Querying SQL database: The first choice is more relevant as it involves translating a natural language query (like the given question) into a SQL query over tables containing movies/series and its metadata, which could potentially include information about views.
SQL query: SELECT title, views
FROM item
WHERE item_type = 'series'
ORDER BY views DESC
LIMIT 1;
SQL response: The series with the highest views is "Only for Love [THU-SUN 19.00]" with a total of 15,219,574 views.
Transformed query given SQL response: Can you provide more details about the series "Only for Love [THU-SUN 19.00]"?
query engine response: "Only for Love [THU-SUN 19.00]" is a series that was released in the year 2023. It falls under the category of series_CN. The storyline revolves around Zheng Shuyi, a finance journalist, who is given the task to work with Shi Yan, a charming CEO. Her mission in the series is to mess with his heart. The series is scheduled to air from Thursday to Sunday at 19.00.
Final response: The series with the highest views is "Only for Love [THU-SUN 19.00]" which has a total of 15,219,574 views.
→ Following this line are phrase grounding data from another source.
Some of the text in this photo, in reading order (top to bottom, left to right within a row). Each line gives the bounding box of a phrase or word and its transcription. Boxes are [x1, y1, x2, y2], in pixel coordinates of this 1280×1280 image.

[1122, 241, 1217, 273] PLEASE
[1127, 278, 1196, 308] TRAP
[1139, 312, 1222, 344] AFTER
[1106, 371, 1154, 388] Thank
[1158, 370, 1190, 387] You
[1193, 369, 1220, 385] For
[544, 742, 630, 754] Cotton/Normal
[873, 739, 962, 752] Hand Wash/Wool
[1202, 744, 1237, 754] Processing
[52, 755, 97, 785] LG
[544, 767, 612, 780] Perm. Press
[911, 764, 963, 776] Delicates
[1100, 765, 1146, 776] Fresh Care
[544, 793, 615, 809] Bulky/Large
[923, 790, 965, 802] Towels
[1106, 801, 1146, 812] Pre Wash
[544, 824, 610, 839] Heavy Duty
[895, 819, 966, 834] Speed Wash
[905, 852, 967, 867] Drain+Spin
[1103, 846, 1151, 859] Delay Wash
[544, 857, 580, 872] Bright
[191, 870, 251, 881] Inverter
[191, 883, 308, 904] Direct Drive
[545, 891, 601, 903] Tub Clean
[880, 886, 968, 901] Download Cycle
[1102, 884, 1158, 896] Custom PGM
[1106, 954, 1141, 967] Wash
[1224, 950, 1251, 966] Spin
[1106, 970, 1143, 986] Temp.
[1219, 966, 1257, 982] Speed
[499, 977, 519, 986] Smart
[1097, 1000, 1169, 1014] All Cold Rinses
This series was released in the year 2023 and falls under the category of series_CN. The storyline revolves around Zheng Shuyi, a finance journalist, who is given the task to work with Shi Yan, a charming CEO. Her mission in the series is to mess with his heart. The series is scheduled to air from Thursday to Sunday at 19.00.
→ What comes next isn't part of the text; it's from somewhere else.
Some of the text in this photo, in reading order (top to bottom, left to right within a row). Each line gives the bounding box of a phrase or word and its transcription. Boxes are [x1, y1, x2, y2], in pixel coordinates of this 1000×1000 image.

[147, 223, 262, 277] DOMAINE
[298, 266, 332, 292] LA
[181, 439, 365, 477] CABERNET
However, when I integrated with Langchain. Ref: https://github.com/run-llama/llama_index/blob/main/examples/langchain_demo/LangchainDemo.ipynb

tools = [
    Tool(
        name="SQLAutoVectorQueryEngine",
        func=lambda q: str(query_engine.query(q)),
        description="useful for when you want to answer queries about movies/series.",
    ),
]

memory = ConversationBufferMemory(memory_key="chat_history", return_messages=True, output_key="output")
lc_llm = ChatOpenAI(temperature=0, model="gpt-4")
agent_executor = initialize_agent(
    tools, lc_llm, agent="conversational-react-description", memory=memory, handle_parsing_errors=True, verbose=True
)

response = agent_executor.run(input="Tell me about the movie with the highest views")
response

The response didn't pick the right tables

> Entering new AgentExecutor chain...
Thought: Do I need to use a tool? Yes
Action: SQLAutoVectorQueryEngine
Action Input: {"query": "SELECT * FROM movies ORDER BY views DESC LIMIT 1"}Querying SQL database: The query provided is a SQL query related to a table containing movies, which aligns with the first choice about translating a natural language query into a SQL query over tables containing movies/series and its metadata.
SQL query: SELECT * FROM movies ORDER BY views DESC LIMIT 1
SQL response: I'm sorry, but there was an error in executing the query. The statement 'SELECT * FROM movies ORDER BY views DESC LIMIT 1' is invalid SQL.
Transformed query given SQL response: What is the most viewed movie?
query engine response: The context does not provide information on which movie is the most viewed.
Final response: I'm sorry, but the information on which movie is the most viewed is not available.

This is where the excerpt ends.